Luego remató dando a entender que las barbas de General Motors habrían de ponerse a remojar ante la posibilidad de gravar la entrada al mercado estadounidense de automóviles fabricados fuera de la unión americana. ¿Y qué haríamos entonces en las regiones dónde estamos colgados de la industria automotriz cómo principalísima liana para columpiarnos? Hasta ahora, solo ponernos a rezar. Pocos han entendido la lógica Trumpiana, equivocada o no: el truco para fabricar en suelo americano aquellos bienes que hoy se producen en otras partes del mundo, tiene que ver con los aberrantes márgenes de utilidad de que hoy gozan los dueños de las marcas que acaparan y dirigen los mercados.

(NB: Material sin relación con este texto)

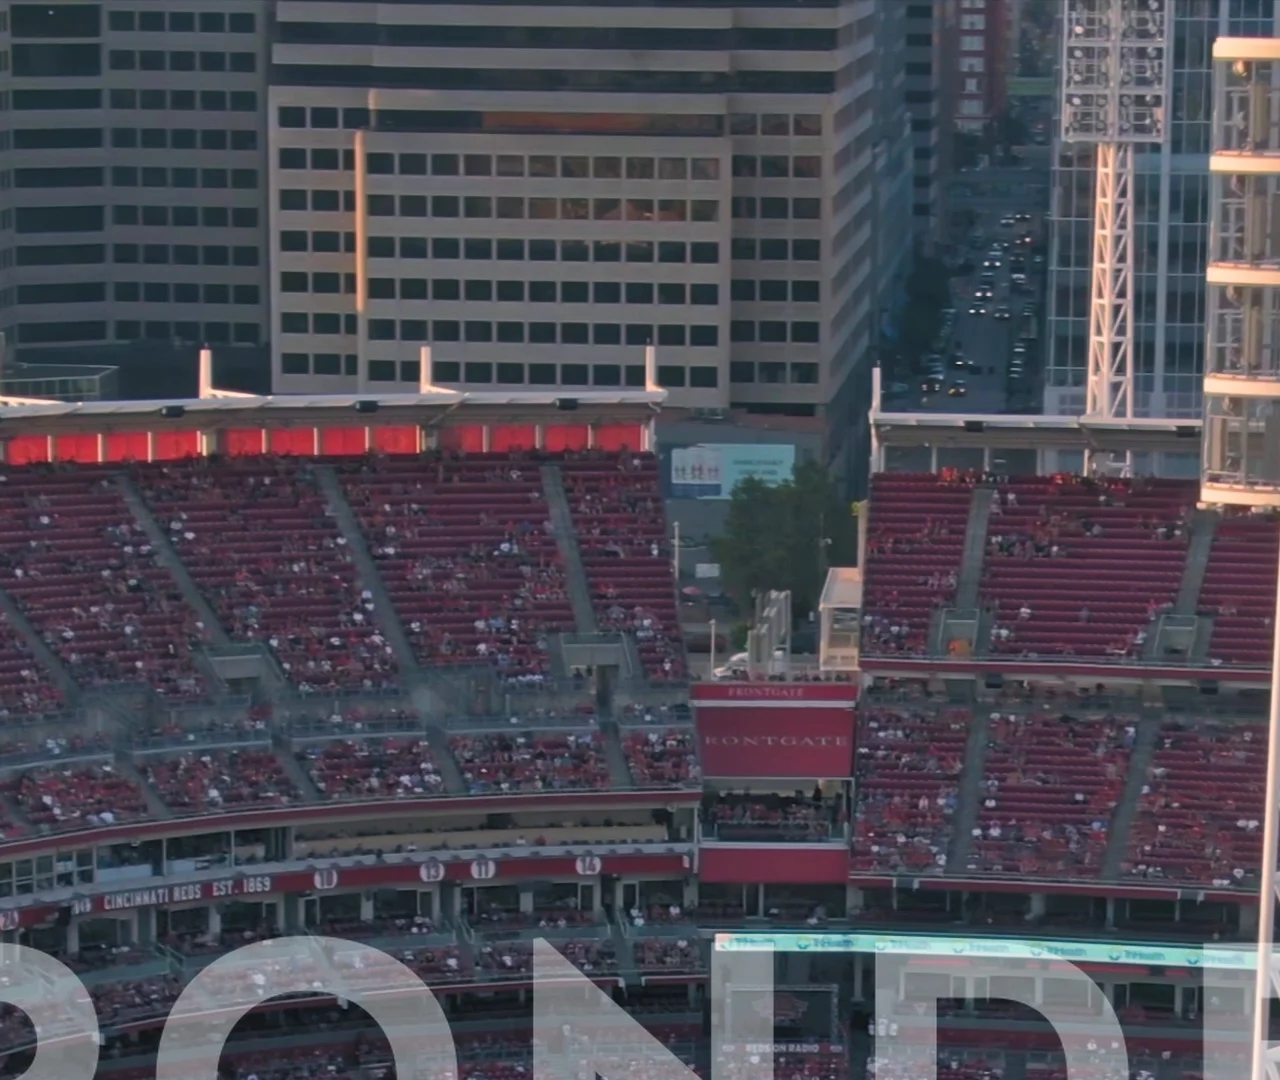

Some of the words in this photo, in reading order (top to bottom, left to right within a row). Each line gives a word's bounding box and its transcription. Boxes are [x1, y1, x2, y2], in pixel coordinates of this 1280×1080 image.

[104, 887, 169, 911] CINCINNATI
[173, 883, 202, 901] REDS
[212, 880, 239, 897] EST.
[243, 876, 272, 893] 1869

Pagar sueldos de miseria por ensamblar un auto en México, por fabricar un Ipad en Taiwan o por confeccionar una blusa de marca en Bangladesh, nunca ha sido por el afán de ofrecer precios accesibles a los consumidores, siempre ha sido por obtener mayores márgenes de utilidad para los inversores. Por supuesto y para no caer en la inocencia: Trump jamás pudo ingresar en esa elite de negocios que ordenan maquilar con costos de risa y ordenan vender a precios de robo.

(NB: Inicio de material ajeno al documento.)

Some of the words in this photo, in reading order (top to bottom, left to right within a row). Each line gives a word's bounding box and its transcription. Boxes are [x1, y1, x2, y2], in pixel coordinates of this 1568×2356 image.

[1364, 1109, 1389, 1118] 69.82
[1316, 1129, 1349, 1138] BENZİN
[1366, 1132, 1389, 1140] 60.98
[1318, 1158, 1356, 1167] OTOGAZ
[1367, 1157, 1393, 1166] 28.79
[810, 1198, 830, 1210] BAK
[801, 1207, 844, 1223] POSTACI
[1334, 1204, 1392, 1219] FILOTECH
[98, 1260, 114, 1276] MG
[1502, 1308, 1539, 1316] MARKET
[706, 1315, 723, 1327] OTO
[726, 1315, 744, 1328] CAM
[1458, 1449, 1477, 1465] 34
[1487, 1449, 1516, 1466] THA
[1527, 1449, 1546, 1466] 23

La apuesta de Trump sería entonces, no que el consumidor norteamericano pague más por los mismos bienes, sino que el empresariado internacional reduzca sus márgenes de utilidad si produce en Estados Unidos, o pague altos aranceles si fabrica fuera del mercado más dinámico y consumista del mundo. Con respecto a Coahuila, se entiende la urgente necesidad de haber atraído hacia nuestra tierra empresas maquiladoras que nos han dado durante años un estable modo de vida, pero habrá que admitir que nuestros gobiernos se han sentado a observar cómo llegan y se van las inversiones al son que nos toque el mundo, sin preocuparse jamás por hacer de Coahuila un estado desde donde ofrezcamos al mercado internacional aquellos productos para los que tenemos ventajas competitivas más interesantes que la gracia geográfica de ser el vecino de un consumidor voraz. ¿Podemos como estado sustentar nuestra riqueza en algo distinto a la industria automotriz? Claro que podemos.

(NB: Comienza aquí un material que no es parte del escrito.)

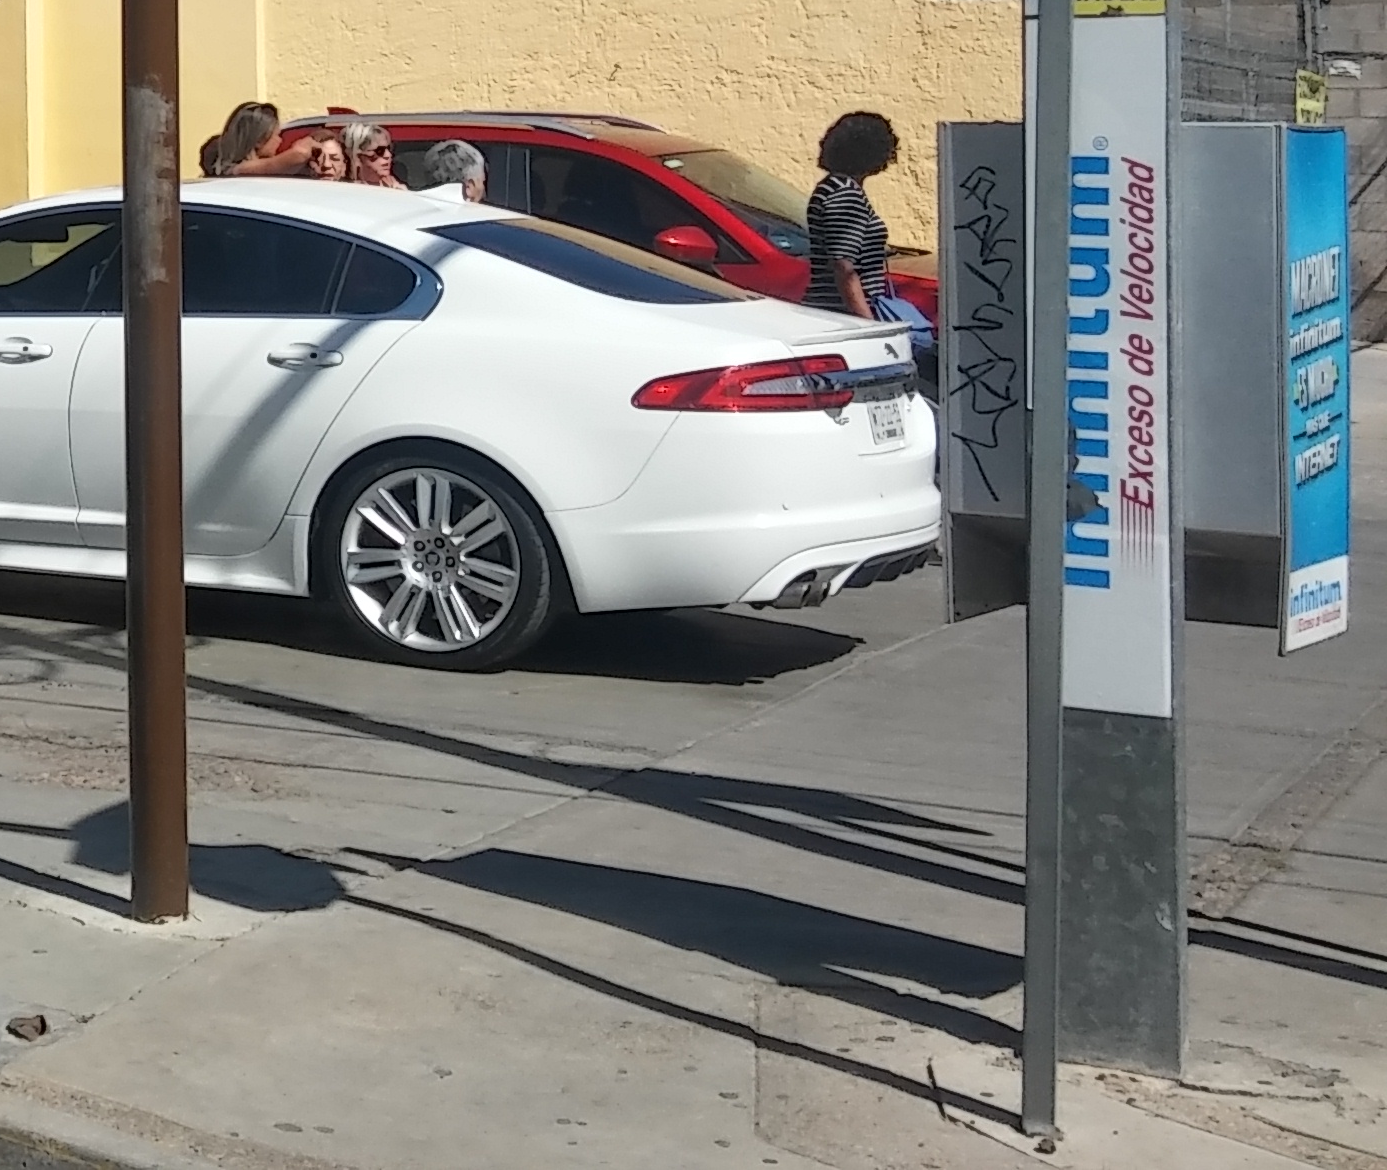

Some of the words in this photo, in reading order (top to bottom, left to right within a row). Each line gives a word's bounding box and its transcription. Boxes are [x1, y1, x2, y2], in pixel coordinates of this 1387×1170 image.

Tenemos la orografía y los microclimas para despuntar con algunos productos agrícolas de características únicas en el mundo, tenemos en Coahuila especies endémicas como atractivo al turismo así como históricos sitios para visitar o inigualables lugares donde la naturaleza te roba el aliento, tenemos gastronomía e industria dulcera y panadera para ser punta de lanza en las mejores mesas, todavía tenemos industria textil y un montón de cosas más desde dónde respaldar nuestra economía.

Pero, ¿qué han hecho durante décadas nuestros gobiernos y legisladores para darle a Coahuila sustentabilidad económica más allá de rentar nuestra mano de obra y vender nuestro suelo? Nada, se la han pasado grillando, saltando de un puesto a otro y velando por la sustentabilidad de un sistema viciado por y para los partidos políticos, pero dejando de atender las demandas y necesidades ciudadanas a largo plazo. Y es por esa irresponsabilidad y falta de visión de gobiernos y legisladores coahuilenses, que hoy, todos temblamos ante los dichos de un gobernante extranjero.